An expert is, by some definitions, anyone who knows more about a topic than anyone else in the room. Today I have seen a hundred opinions by the local experts on Thy Kingdom Come, Love Trumps Hate, #ImStillWithHer, and You Damn Liberals Finally Lost, Thanks Obama. Some intend to inform, while others intend to show malice. Most of the opinions have failed to sway me in any direction other than sorrowful contemplation. None of these expert opinions feel overly thought out, no matter the intent.

The root of my name is “just,” or “justice.” Maybe that’s why my heart has been raging within me for the last 24 hours. I am seeing so many fearful people clash with so many rejoicing people. Along the sidelines, there are some who choose to throw a Bible verse out in the arena, hoping it will help the waters settle enough for them to wade in. Yes, I believe Jesus is my King, too. But if all I do is claim that and then sit back, stating “My hope is in the Lord,” I am a hypocrite and a fool, deserving to be punished by the One Who has given me this sense of justice. Proclaiming my allegiance to the King should only be followed by one action: reaction.
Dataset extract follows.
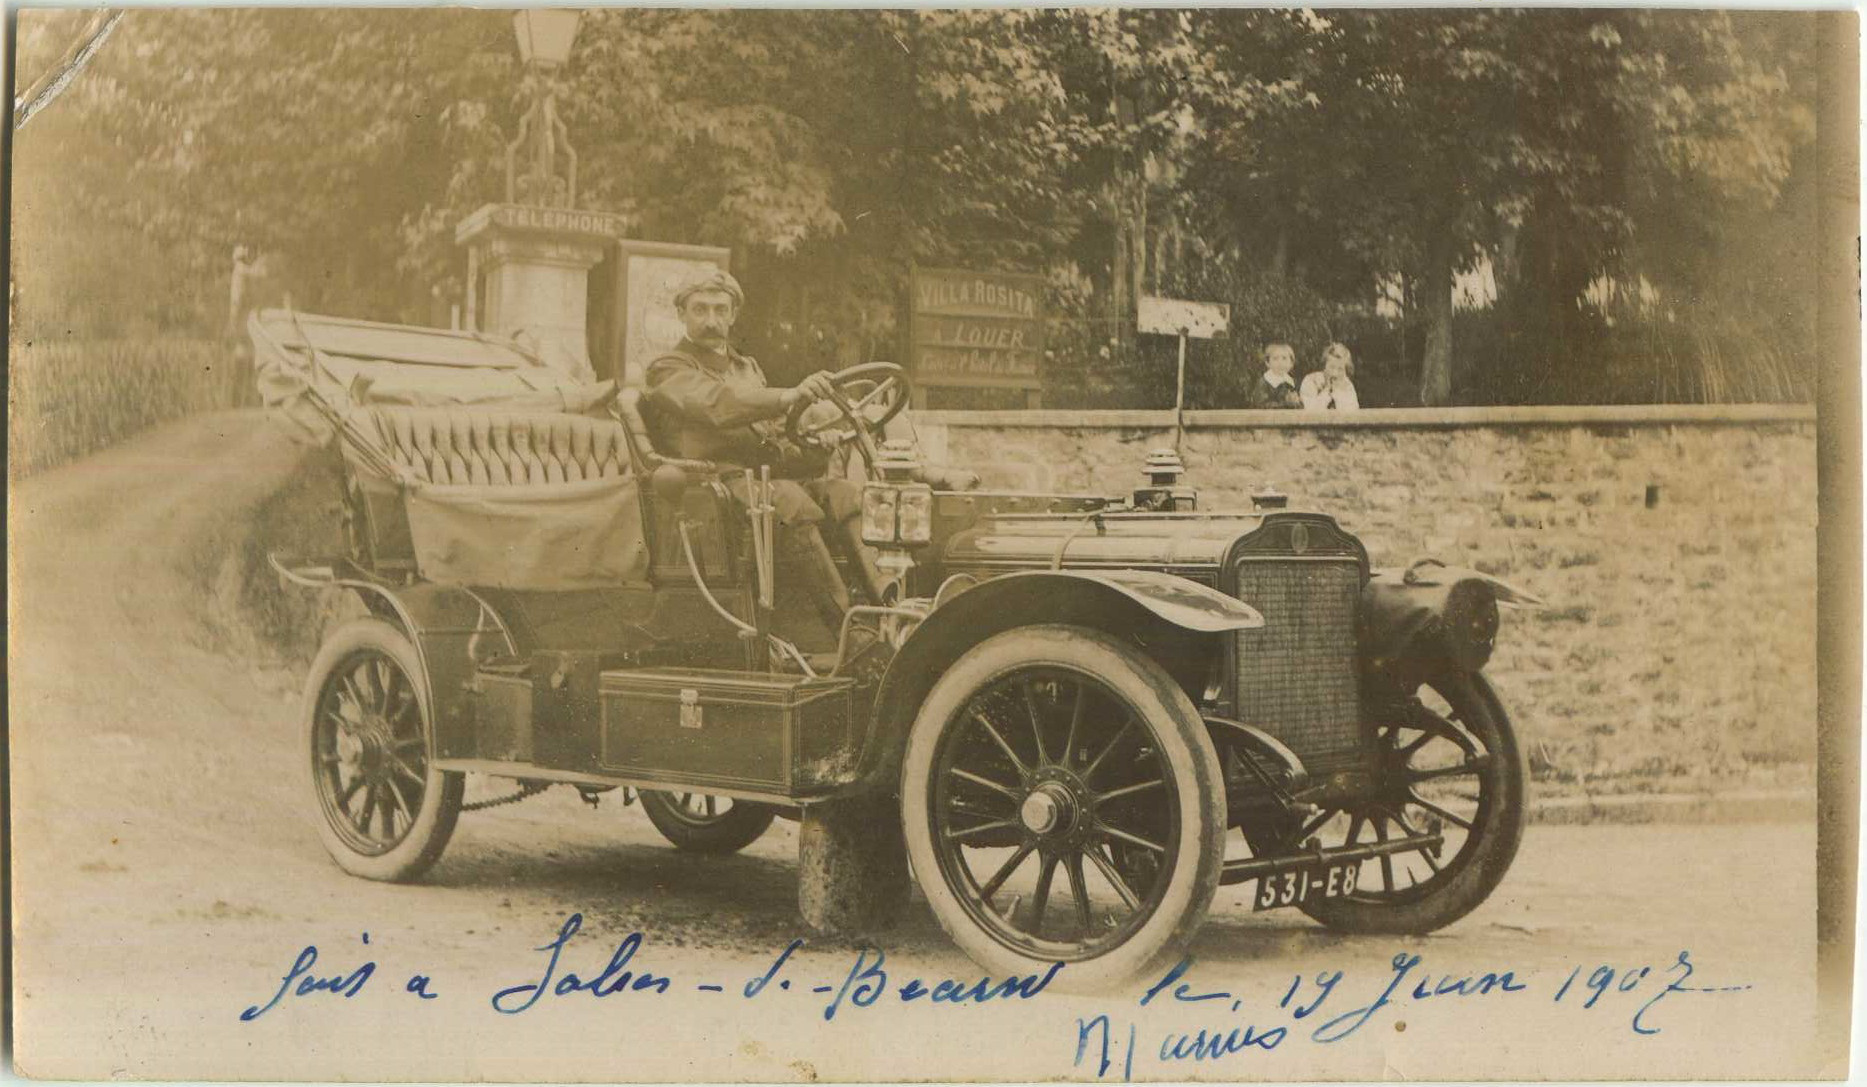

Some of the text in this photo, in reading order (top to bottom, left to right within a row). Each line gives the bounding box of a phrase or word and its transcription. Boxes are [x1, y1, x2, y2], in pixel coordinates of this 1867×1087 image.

Because I believe in the King, I must stand beside those I love who are every other ethnicity, sexuality, religion, and political affiliation. I am a Midwestern white twenty-something woman with a college education and only a small amount of student debt ahead of me. I am so, so blessed to live in a safe neighborhood and hold down a job that allows me to serve other people. But if I use those privileges to hide from the pain I see in my friends’ eyes, I do not deserve to be known by them.

My right-leaning friends and family will read this post and probably fixate on the part where I pledge my love and support to every person who is not white, straight, and evangelical Christian. My left-leaning friends and family (although I’m not sure how much family I have who fits in that category) will read this post and likely wish I would just shut up and join the protest against what happened this week. I’m not claiming to know the reaction of every person who will read this, but based on the social media posts on both sides, I know many will think these thoughts.

Pray for the brokenhearted, the wounded, the fearful. Pray for the rejoicing, the triumphant, the complacent. I believe every person in America fits somewhere within one or more of those categories.

Yes, we are a divided nation today. But that is not new, not in the least. We are all broken people, after all. So most of all, pray for peace that surpasses all understanding, and love that knows no limits.